» **Data**
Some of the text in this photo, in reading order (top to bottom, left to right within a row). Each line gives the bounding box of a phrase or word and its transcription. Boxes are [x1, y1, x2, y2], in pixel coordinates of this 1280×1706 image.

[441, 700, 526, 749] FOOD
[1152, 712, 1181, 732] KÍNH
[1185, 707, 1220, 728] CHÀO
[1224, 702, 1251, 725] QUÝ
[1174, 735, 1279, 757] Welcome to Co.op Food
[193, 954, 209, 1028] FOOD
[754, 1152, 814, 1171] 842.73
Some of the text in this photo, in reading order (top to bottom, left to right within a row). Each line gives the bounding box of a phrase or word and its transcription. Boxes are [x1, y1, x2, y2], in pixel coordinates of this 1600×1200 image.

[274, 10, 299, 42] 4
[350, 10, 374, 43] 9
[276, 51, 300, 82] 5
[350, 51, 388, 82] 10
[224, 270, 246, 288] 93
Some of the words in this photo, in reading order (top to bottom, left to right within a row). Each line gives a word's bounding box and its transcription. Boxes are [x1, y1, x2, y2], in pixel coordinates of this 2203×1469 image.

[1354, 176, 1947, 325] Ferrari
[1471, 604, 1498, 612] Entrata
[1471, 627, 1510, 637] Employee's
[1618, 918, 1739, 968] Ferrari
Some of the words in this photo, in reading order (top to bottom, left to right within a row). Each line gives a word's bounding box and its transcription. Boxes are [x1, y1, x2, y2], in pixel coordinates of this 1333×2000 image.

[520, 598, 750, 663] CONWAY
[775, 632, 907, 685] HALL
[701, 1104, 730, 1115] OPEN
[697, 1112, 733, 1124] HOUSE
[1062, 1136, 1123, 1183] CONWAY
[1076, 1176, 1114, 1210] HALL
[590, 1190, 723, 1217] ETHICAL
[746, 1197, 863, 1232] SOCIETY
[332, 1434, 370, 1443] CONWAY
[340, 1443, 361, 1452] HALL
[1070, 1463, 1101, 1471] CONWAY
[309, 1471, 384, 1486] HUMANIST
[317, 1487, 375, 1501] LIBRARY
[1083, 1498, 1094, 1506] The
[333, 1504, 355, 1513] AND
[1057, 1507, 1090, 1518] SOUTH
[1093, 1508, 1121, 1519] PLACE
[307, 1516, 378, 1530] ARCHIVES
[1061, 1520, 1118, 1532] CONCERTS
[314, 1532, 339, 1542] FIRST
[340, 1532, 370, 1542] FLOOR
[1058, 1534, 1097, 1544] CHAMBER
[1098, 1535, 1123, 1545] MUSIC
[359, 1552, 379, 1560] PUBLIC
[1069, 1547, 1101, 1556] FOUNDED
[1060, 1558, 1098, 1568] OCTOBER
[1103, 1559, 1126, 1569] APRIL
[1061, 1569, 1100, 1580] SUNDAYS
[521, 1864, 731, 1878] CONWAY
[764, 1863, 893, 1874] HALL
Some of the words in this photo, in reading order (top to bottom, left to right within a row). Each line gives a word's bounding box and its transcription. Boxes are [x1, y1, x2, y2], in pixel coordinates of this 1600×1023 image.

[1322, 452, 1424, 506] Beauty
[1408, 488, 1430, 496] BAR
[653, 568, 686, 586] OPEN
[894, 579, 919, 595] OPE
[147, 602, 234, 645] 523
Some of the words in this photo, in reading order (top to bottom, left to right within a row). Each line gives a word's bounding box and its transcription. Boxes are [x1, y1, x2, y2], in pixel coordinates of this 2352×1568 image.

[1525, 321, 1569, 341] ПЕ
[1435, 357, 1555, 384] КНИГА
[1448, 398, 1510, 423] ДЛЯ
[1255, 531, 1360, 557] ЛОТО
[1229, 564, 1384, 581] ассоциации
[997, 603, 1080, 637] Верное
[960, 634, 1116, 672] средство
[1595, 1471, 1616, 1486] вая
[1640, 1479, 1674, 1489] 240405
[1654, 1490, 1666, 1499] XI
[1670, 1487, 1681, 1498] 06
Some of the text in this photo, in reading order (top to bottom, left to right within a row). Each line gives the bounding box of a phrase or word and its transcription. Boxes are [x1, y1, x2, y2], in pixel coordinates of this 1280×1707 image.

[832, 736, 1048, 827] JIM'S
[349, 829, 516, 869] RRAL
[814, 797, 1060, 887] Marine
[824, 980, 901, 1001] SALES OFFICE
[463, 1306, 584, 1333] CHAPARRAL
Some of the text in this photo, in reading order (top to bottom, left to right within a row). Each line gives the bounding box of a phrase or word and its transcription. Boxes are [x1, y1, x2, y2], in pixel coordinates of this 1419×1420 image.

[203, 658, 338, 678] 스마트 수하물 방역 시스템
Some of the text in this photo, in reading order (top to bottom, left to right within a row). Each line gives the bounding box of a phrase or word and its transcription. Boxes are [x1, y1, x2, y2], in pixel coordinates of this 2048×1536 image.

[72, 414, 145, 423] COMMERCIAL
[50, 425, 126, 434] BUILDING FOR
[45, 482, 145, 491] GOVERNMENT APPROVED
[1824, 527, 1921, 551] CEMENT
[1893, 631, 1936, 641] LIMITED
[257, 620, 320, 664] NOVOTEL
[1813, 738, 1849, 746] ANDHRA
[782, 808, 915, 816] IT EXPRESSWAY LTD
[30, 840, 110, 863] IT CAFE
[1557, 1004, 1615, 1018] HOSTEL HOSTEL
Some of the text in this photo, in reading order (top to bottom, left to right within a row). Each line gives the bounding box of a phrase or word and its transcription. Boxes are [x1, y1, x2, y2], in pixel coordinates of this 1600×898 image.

» **Problem to work on**
Could you give the data again, word for word?

» **Output for this task**
Some of the text in this photo, in reading order (top to bottom, left to right within a row). Each line gives the bounding box of a phrase or word and its transcription. Boxes are [x1, y1, x2, y2], in pixel coordinates of this 1280×1706 image.

[441, 700, 526, 749] FOOD
[1152, 712, 1181, 732] KÍNH
[1185, 707, 1220, 728] CHÀO
[1224, 702, 1251, 725] QUÝ
[1174, 735, 1279, 757] Welcome to Co.op Food
[193, 954, 209, 1028] FOOD
[754, 1152, 814, 1171] 842.73
Some of the text in this photo, in reading order (top to bottom, left to right within a row). Each line gives the bounding box of a phrase or word and its transcription. Boxes are [x1, y1, x2, y2], in pixel coordinates of this 1600×1200 image.

[274, 10, 299, 42] 4
[350, 10, 374, 43] 9
[276, 51, 300, 82] 5
[350, 51, 388, 82] 10
[224, 270, 246, 288] 93
Some of the words in this photo, in reading order (top to bottom, left to right within a row). Each line gives a word's bounding box and its transcription. Boxes are [x1, y1, x2, y2], in pixel coordinates of this 2203×1469 image.

[1354, 176, 1947, 325] Ferrari
[1471, 604, 1498, 612] Entrata
[1471, 627, 1510, 637] Employee's
[1618, 918, 1739, 968] Ferrari
Some of the words in this photo, in reading order (top to bottom, left to right within a row). Each line gives a word's bounding box and its transcription. Boxes are [x1, y1, x2, y2], in pixel coordinates of this 1333×2000 image.

[520, 598, 750, 663] CONWAY
[775, 632, 907, 685] HALL
[701, 1104, 730, 1115] OPEN
[697, 1112, 733, 1124] HOUSE
[1062, 1136, 1123, 1183] CONWAY
[1076, 1176, 1114, 1210] HALL
[590, 1190, 723, 1217] ETHICAL
[746, 1197, 863, 1232] SOCIETY
[332, 1434, 370, 1443] CONWAY
[340, 1443, 361, 1452] HALL
[1070, 1463, 1101, 1471] CONWAY
[309, 1471, 384, 1486] HUMANIST
[317, 1487, 375, 1501] LIBRARY
[1083, 1498, 1094, 1506] The
[333, 1504, 355, 1513] AND
[1057, 1507, 1090, 1518] SOUTH
[1093, 1508, 1121, 1519] PLACE
[307, 1516, 378, 1530] ARCHIVES
[1061, 1520, 1118, 1532] CONCERTS
[314, 1532, 339, 1542] FIRST
[340, 1532, 370, 1542] FLOOR
[1058, 1534, 1097, 1544] CHAMBER
[1098, 1535, 1123, 1545] MUSIC
[359, 1552, 379, 1560] PUBLIC
[1069, 1547, 1101, 1556] FOUNDED
[1060, 1558, 1098, 1568] OCTOBER
[1103, 1559, 1126, 1569] APRIL
[1061, 1569, 1100, 1580] SUNDAYS
[521, 1864, 731, 1878] CONWAY
[764, 1863, 893, 1874] HALL
Some of the words in this photo, in reading order (top to bottom, left to right within a row). Each line gives a word's bounding box and its transcription. Boxes are [x1, y1, x2, y2], in pixel coordinates of this 1600×1023 image.

[1322, 452, 1424, 506] Beauty
[1408, 488, 1430, 496] BAR
[653, 568, 686, 586] OPEN
[894, 579, 919, 595] OPE
[147, 602, 234, 645] 523
Some of the words in this photo, in reading order (top to bottom, left to right within a row). Each line gives a word's bounding box and its transcription. Boxes are [x1, y1, x2, y2], in pixel coordinates of this 2352×1568 image.

[1525, 321, 1569, 341] ПЕ
[1435, 357, 1555, 384] КНИГА
[1448, 398, 1510, 423] ДЛЯ
[1255, 531, 1360, 557] ЛОТО
[1229, 564, 1384, 581] ассоциации
[997, 603, 1080, 637] Верное
[960, 634, 1116, 672] средство
[1595, 1471, 1616, 1486] вая
[1640, 1479, 1674, 1489] 240405
[1654, 1490, 1666, 1499] XI
[1670, 1487, 1681, 1498] 06
Some of the text in this photo, in reading order (top to bottom, left to right within a row). Each line gives the bounding box of a phrase or word and its transcription. Boxes are [x1, y1, x2, y2], in pixel coordinates of this 1280×1707 image.

[832, 736, 1048, 827] JIM'S
[349, 829, 516, 869] RRAL
[814, 797, 1060, 887] Marine
[824, 980, 901, 1001] SALES OFFICE
[463, 1306, 584, 1333] CHAPARRAL
Some of the text in this photo, in reading order (top to bottom, left to right within a row). Each line gives the bounding box of a phrase or word and its transcription. Boxes are [x1, y1, x2, y2], in pixel coordinates of this 1419×1420 image.

[203, 658, 338, 678] 스마트 수하물 방역 시스템
Some of the text in this photo, in reading order (top to bottom, left to right within a row). Each line gives the bounding box of a phrase or word and its transcription. Boxes are [x1, y1, x2, y2], in pixel coordinates of this 2048×1536 image.

[72, 414, 145, 423] COMMERCIAL
[50, 425, 126, 434] BUILDING FOR
[45, 482, 145, 491] GOVERNMENT APPROVED
[1824, 527, 1921, 551] CEMENT
[1893, 631, 1936, 641] LIMITED
[257, 620, 320, 664] NOVOTEL
[1813, 738, 1849, 746] ANDHRA
[782, 808, 915, 816] IT EXPRESSWAY LTD
[30, 840, 110, 863] IT CAFE
[1557, 1004, 1615, 1018] HOSTEL HOSTEL
Some of the text in this photo, in reading order (top to bottom, left to right within a row). Each line gives the bounding box of a phrase or word and its transcription. Boxes are [x1, y1, x2, y2], in pixel coordinates of this 1600×898 image.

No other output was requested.